Gate.io had been using statcounter.com’s statistics and traffic analytics services, which it claims is “one of the top stats tools providers in the world.” It was tipped off by another service, Slovakia-based ESET Internet Security services, who warned of “suspicious behavior” coming from statcounter.com.

 

The exchange did a broad sweep for possible security breaches on their site, finding nothing untoward; however, out of an excess of caution, discontinued the statcounter function anyway. The exchange says it will not continue using the service going forward.

 

Funds are safu

CryptoCompare reports that gate.io uses SSL encryption, and at least some measure of cold wallet storage, although the details of gate’s cold wallet storage system are unknown.

 

Eleven percent of top cryptoasset exchanges currently in operation have been hacked at some time in the past, according to CryptoCompare’s October exchange review. Gate.io was one of the exchanges which declined to participate in New York Office of the Attorney General’s report on the state of cryptoasset exchanges, released in September of this year.

 

A growing problem

Due to the irrevocable nature of cryptocurrency, exchanges present some of the most enticing hacking targets possible – once the funds are stolen, they cannot be returned, hardforks aside.
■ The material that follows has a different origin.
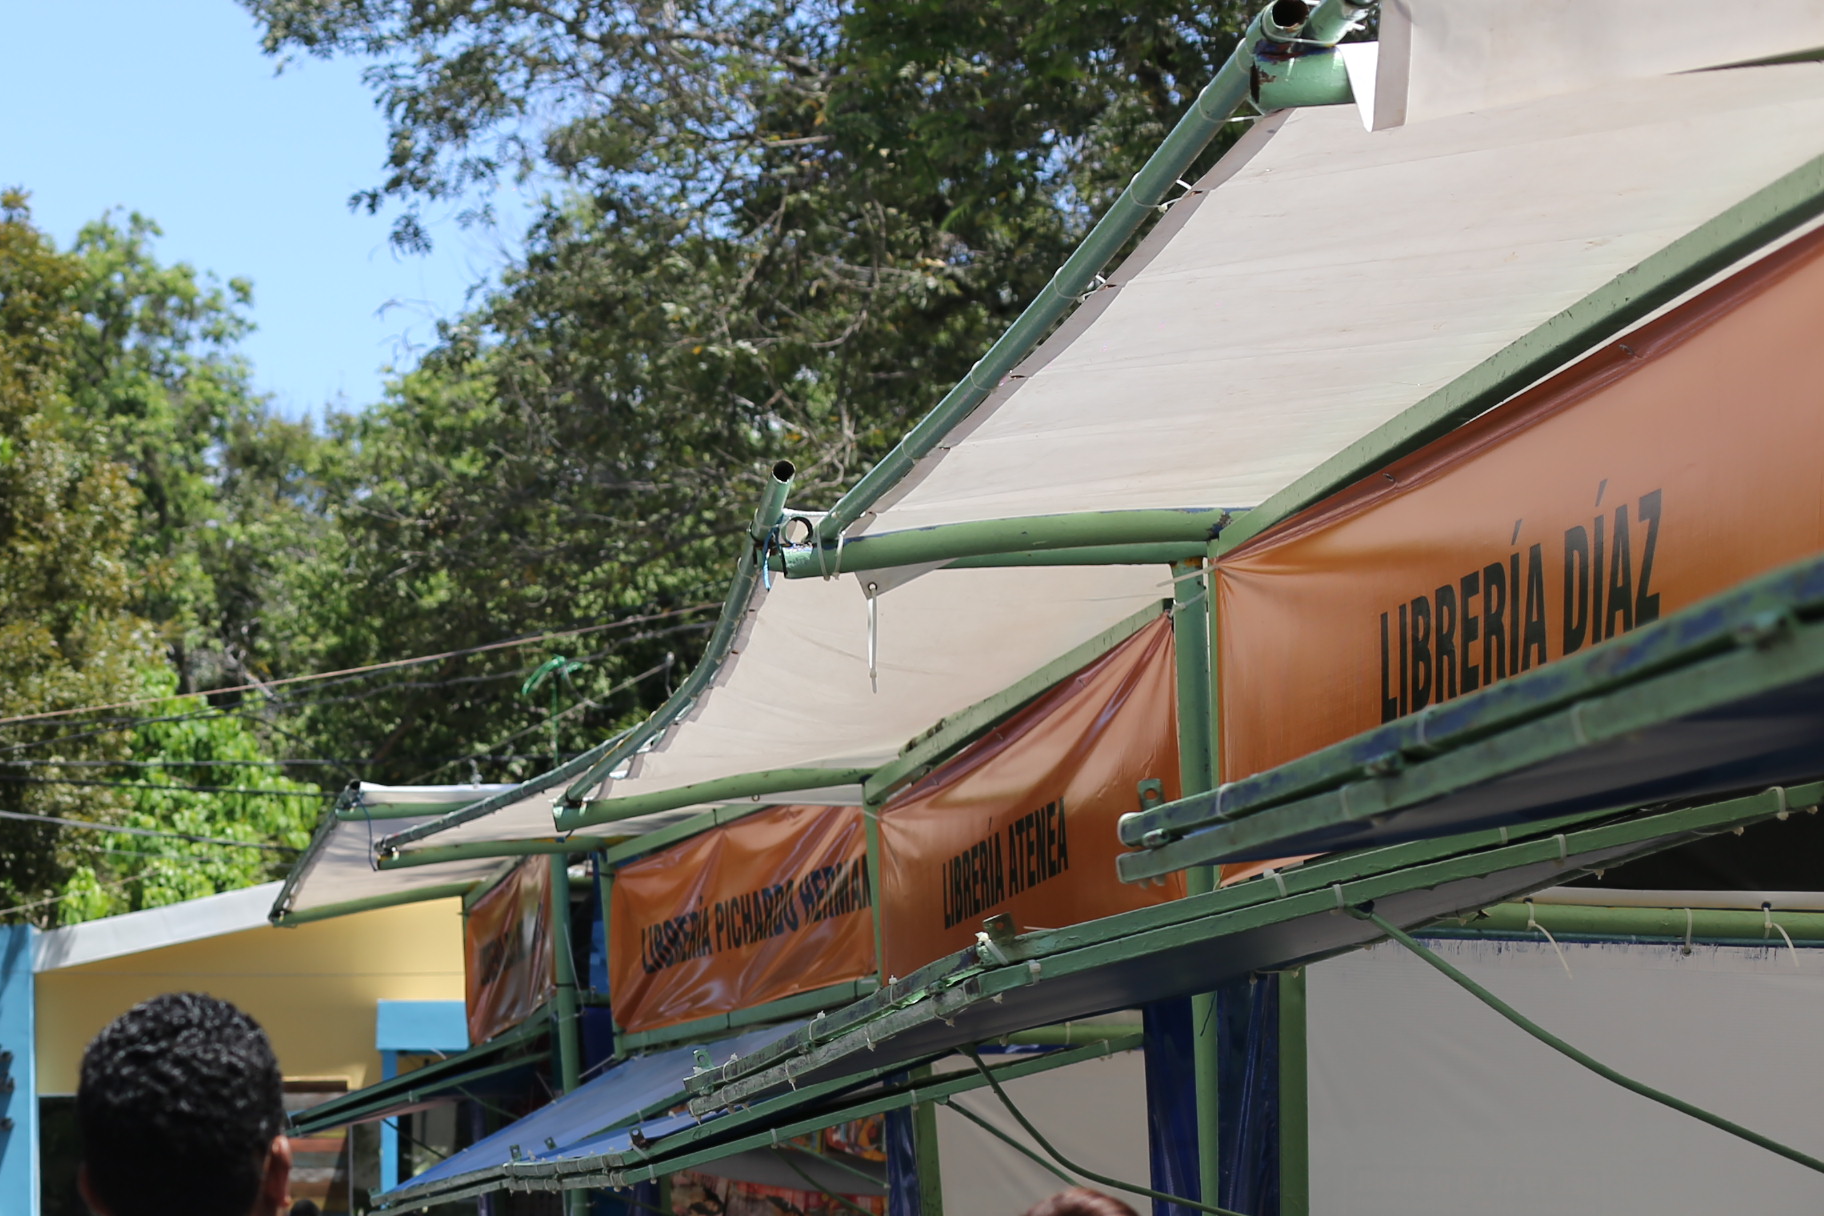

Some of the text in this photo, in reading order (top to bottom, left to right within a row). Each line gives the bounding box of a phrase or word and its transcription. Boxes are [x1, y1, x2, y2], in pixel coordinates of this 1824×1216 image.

A recent report showed that the frequency of cryptocurrency theft is rising, up 250% in 2018 versus the previous year, to almost $1 billion worth of funds stolen.

 

The most recent exchange hack, which some are claiming is in fact an exit scam, was the marginally small Canadian MapleChange.

 

Certainly one of the most grave security events recently was a hack of a Binance trading application programming interface (API), which allows exchange trading through secondary applications rather than through the exchange’s own interface.

 

Binance being the biggest cryptoasset exchange in the world, the hack sent shockwaves through the cryptoasset industry; but fortunately the penetration was not of Binance itself, and was quickly contained. The hack allowed extreme price manipulation of some cryptoassets by taking control of trading bots and artificially inflating prices, including of Syscoin (SYS), which momentarily reached a comical value of 96 BTC, up from 0.000039 BTC.